** Try it **
Please say how many lines in the records contain the word "HONDA", giving only the number.

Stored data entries
======

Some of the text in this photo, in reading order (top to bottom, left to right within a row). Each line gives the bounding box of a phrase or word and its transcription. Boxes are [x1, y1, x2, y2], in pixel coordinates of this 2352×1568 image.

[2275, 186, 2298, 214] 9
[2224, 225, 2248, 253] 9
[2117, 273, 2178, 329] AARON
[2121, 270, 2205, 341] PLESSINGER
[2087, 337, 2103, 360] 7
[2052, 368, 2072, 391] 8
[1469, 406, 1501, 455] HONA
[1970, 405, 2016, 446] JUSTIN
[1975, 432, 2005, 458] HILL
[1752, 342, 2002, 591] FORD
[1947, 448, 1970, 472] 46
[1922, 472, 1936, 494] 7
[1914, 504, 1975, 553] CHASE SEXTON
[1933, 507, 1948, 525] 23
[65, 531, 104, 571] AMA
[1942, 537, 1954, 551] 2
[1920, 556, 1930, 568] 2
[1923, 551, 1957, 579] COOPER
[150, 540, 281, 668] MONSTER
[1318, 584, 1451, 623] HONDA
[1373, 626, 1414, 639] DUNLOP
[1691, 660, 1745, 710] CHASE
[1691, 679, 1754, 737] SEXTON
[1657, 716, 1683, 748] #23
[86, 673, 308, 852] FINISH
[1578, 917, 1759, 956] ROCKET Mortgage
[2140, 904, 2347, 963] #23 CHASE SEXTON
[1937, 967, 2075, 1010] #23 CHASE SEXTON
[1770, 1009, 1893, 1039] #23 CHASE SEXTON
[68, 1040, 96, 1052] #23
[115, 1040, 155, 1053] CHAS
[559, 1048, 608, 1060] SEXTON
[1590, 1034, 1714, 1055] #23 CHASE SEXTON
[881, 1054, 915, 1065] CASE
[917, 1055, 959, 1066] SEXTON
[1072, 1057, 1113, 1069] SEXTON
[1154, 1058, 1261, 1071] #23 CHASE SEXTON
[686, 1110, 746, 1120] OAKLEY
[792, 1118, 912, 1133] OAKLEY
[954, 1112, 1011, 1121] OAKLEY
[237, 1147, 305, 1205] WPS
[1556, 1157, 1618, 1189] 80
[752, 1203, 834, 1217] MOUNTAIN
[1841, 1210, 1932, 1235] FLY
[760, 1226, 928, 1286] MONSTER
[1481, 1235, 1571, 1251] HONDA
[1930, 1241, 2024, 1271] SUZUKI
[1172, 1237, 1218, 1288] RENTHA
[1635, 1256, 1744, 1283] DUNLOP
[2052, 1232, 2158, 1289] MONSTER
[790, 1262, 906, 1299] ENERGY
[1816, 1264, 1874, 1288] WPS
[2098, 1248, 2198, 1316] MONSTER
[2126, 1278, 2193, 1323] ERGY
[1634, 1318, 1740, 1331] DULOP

======

** Result for this task **
2